The listing is to be printed in full, exactly as given.

________________________

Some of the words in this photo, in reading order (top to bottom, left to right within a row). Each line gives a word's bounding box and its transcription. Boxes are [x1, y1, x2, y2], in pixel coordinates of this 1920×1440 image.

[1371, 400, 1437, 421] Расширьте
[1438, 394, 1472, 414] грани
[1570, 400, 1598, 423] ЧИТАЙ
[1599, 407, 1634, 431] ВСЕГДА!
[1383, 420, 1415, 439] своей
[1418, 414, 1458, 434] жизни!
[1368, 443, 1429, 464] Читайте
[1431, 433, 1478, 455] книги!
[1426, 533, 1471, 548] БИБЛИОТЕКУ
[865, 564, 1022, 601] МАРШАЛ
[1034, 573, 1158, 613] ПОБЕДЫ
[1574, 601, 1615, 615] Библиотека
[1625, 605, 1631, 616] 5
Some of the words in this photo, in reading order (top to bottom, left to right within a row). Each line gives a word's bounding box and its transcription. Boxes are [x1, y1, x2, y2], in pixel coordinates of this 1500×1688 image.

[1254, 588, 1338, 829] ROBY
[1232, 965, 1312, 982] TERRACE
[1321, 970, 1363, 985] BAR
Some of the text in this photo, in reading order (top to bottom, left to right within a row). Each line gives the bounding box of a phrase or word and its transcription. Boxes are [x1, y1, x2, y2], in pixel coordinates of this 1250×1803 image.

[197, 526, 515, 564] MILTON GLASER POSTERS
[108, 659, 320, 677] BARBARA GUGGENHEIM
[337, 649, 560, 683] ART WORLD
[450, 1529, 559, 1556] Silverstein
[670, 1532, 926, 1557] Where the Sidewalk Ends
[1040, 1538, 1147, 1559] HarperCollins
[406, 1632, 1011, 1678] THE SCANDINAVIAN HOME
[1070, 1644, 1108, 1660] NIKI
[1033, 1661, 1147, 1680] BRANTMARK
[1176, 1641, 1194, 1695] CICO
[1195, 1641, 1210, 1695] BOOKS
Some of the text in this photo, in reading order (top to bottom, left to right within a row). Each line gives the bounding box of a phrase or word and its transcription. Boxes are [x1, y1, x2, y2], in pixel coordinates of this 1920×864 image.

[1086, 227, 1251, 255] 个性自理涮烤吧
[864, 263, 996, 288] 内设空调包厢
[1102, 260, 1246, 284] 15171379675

________________________

◆ COMPLETED TASK
Some of the words in this photo, in reading order (top to bottom, left to right within a row). Each line gives a word's bounding box and its transcription. Boxes are [x1, y1, x2, y2], in pixel coordinates of this 1920×1440 image.

[1371, 400, 1437, 421] Расширьте
[1438, 394, 1472, 414] грани
[1570, 400, 1598, 423] ЧИТАЙ
[1599, 407, 1634, 431] ВСЕГДА!
[1383, 420, 1415, 439] своей
[1418, 414, 1458, 434] жизни!
[1368, 443, 1429, 464] Читайте
[1431, 433, 1478, 455] книги!
[1426, 533, 1471, 548] БИБЛИОТЕКУ
[865, 564, 1022, 601] МАРШАЛ
[1034, 573, 1158, 613] ПОБЕДЫ
[1574, 601, 1615, 615] Библиотека
[1625, 605, 1631, 616] 5
Some of the words in this photo, in reading order (top to bottom, left to right within a row). Each line gives a word's bounding box and its transcription. Boxes are [x1, y1, x2, y2], in pixel coordinates of this 1500×1688 image.

[1254, 588, 1338, 829] ROBY
[1232, 965, 1312, 982] TERRACE
[1321, 970, 1363, 985] BAR
Some of the text in this photo, in reading order (top to bottom, left to right within a row). Each line gives the bounding box of a phrase or word and its transcription. Boxes are [x1, y1, x2, y2], in pixel coordinates of this 1250×1803 image.

[197, 526, 515, 564] MILTON GLASER POSTERS
[108, 659, 320, 677] BARBARA GUGGENHEIM
[337, 649, 560, 683] ART WORLD
[450, 1529, 559, 1556] Silverstein
[670, 1532, 926, 1557] Where the Sidewalk Ends
[1040, 1538, 1147, 1559] HarperCollins
[406, 1632, 1011, 1678] THE SCANDINAVIAN HOME
[1070, 1644, 1108, 1660] NIKI
[1033, 1661, 1147, 1680] BRANTMARK
[1176, 1641, 1194, 1695] CICO
[1195, 1641, 1210, 1695] BOOKS
Some of the text in this photo, in reading order (top to bottom, left to right within a row). Each line gives the bounding box of a phrase or word and its transcription. Boxes are [x1, y1, x2, y2], in pixel coordinates of this 1920×864 image.

[1086, 227, 1251, 255] 个性自理涮烤吧
[864, 263, 996, 288] 内设空调包厢
[1102, 260, 1246, 284] 15171379675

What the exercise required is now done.